┌──
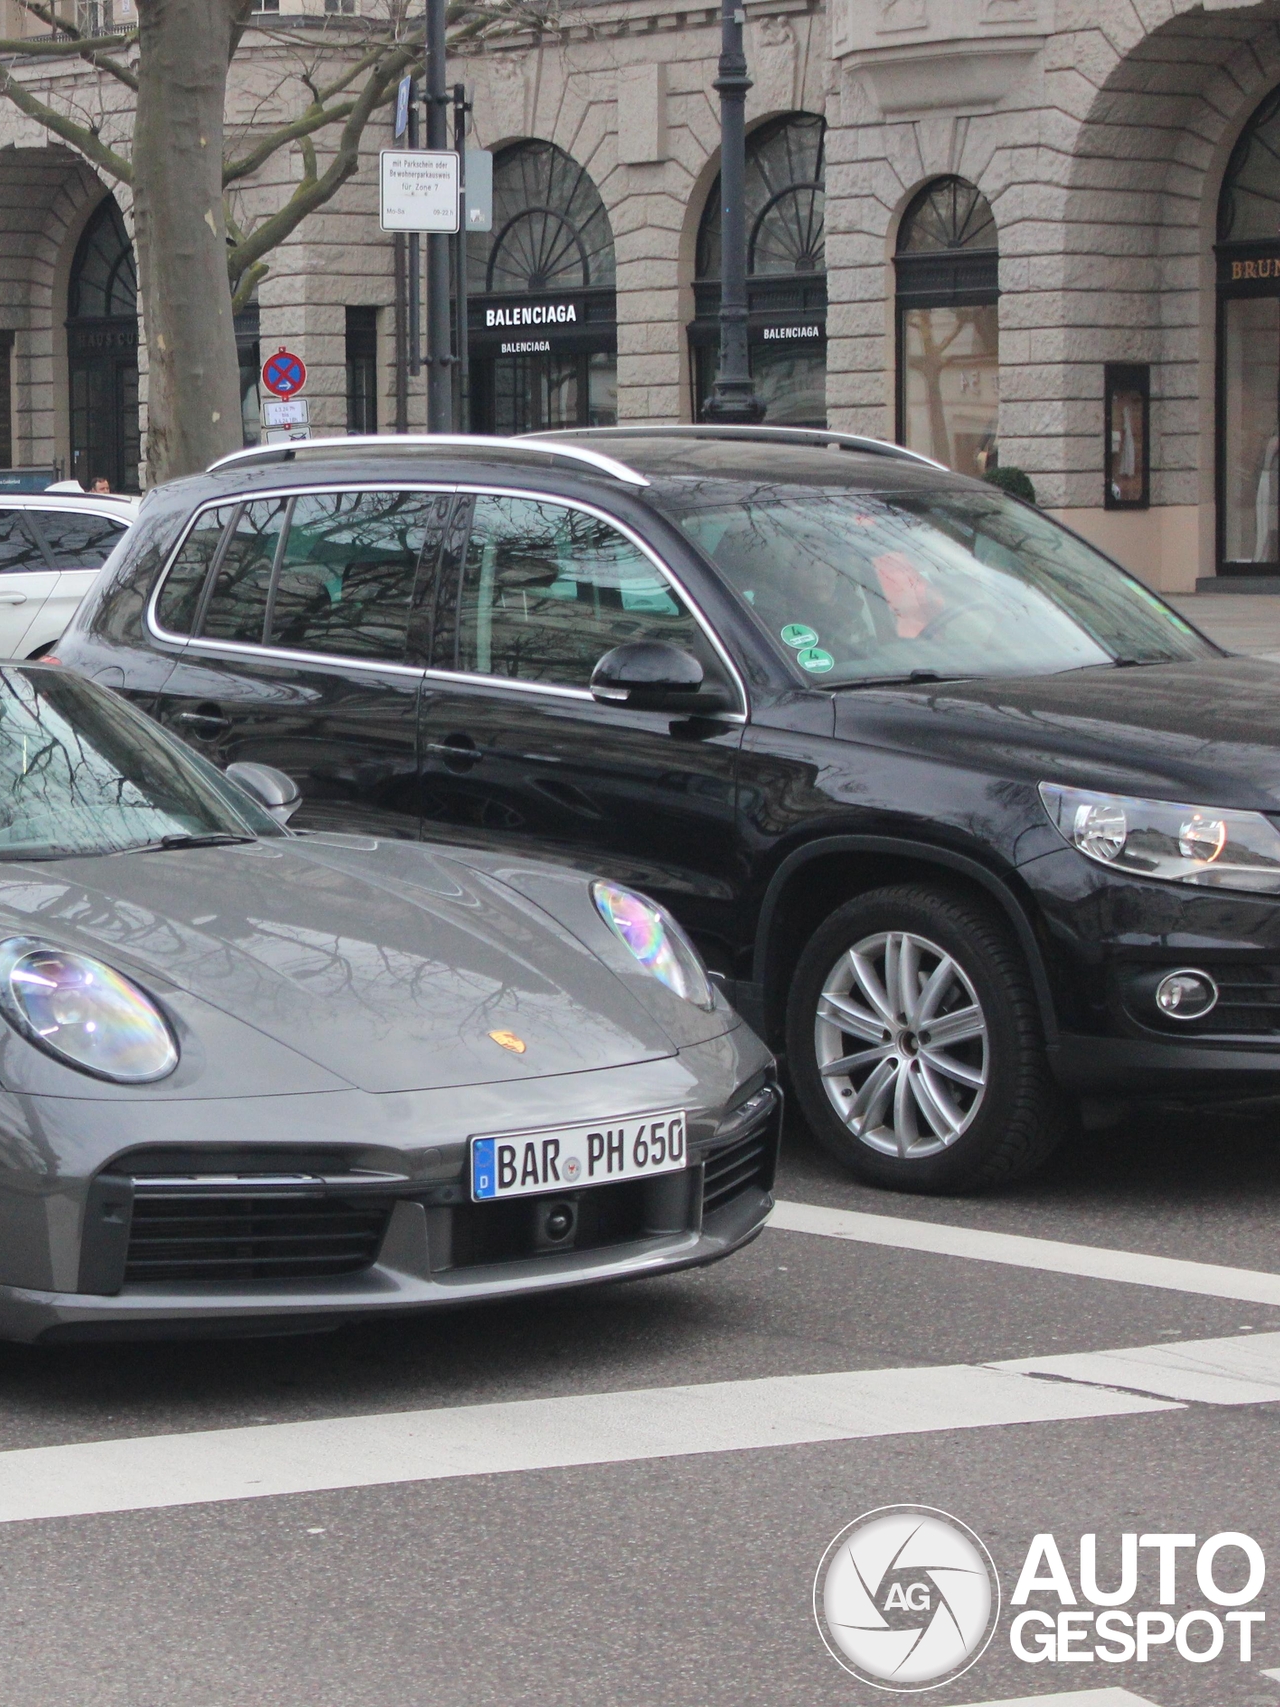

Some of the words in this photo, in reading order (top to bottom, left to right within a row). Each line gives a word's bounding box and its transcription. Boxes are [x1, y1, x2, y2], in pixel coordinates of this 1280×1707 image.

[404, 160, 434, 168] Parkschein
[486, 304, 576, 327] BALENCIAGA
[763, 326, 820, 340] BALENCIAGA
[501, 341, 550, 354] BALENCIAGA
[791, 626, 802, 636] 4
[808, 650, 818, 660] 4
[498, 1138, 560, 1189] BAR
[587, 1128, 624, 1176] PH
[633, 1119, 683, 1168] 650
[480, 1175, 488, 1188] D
└──
Your instructions :: Start at the first line and set down all of the data exactly, passing over the pictures.

Task result ::
Some of the words in this photo, in reading order (top to bottom, left to right within a row). Each line gives a word's bounding box and its transcription. Boxes are [x1, y1, x2, y2], in pixel coordinates of this 1280×1707 image.

[404, 160, 434, 168] Parkschein
[486, 304, 576, 327] BALENCIAGA
[763, 326, 820, 340] BALENCIAGA
[501, 341, 550, 354] BALENCIAGA
[791, 626, 802, 636] 4
[808, 650, 818, 660] 4
[498, 1138, 560, 1189] BAR
[587, 1128, 624, 1176] PH
[633, 1119, 683, 1168] 650
[480, 1175, 488, 1188] D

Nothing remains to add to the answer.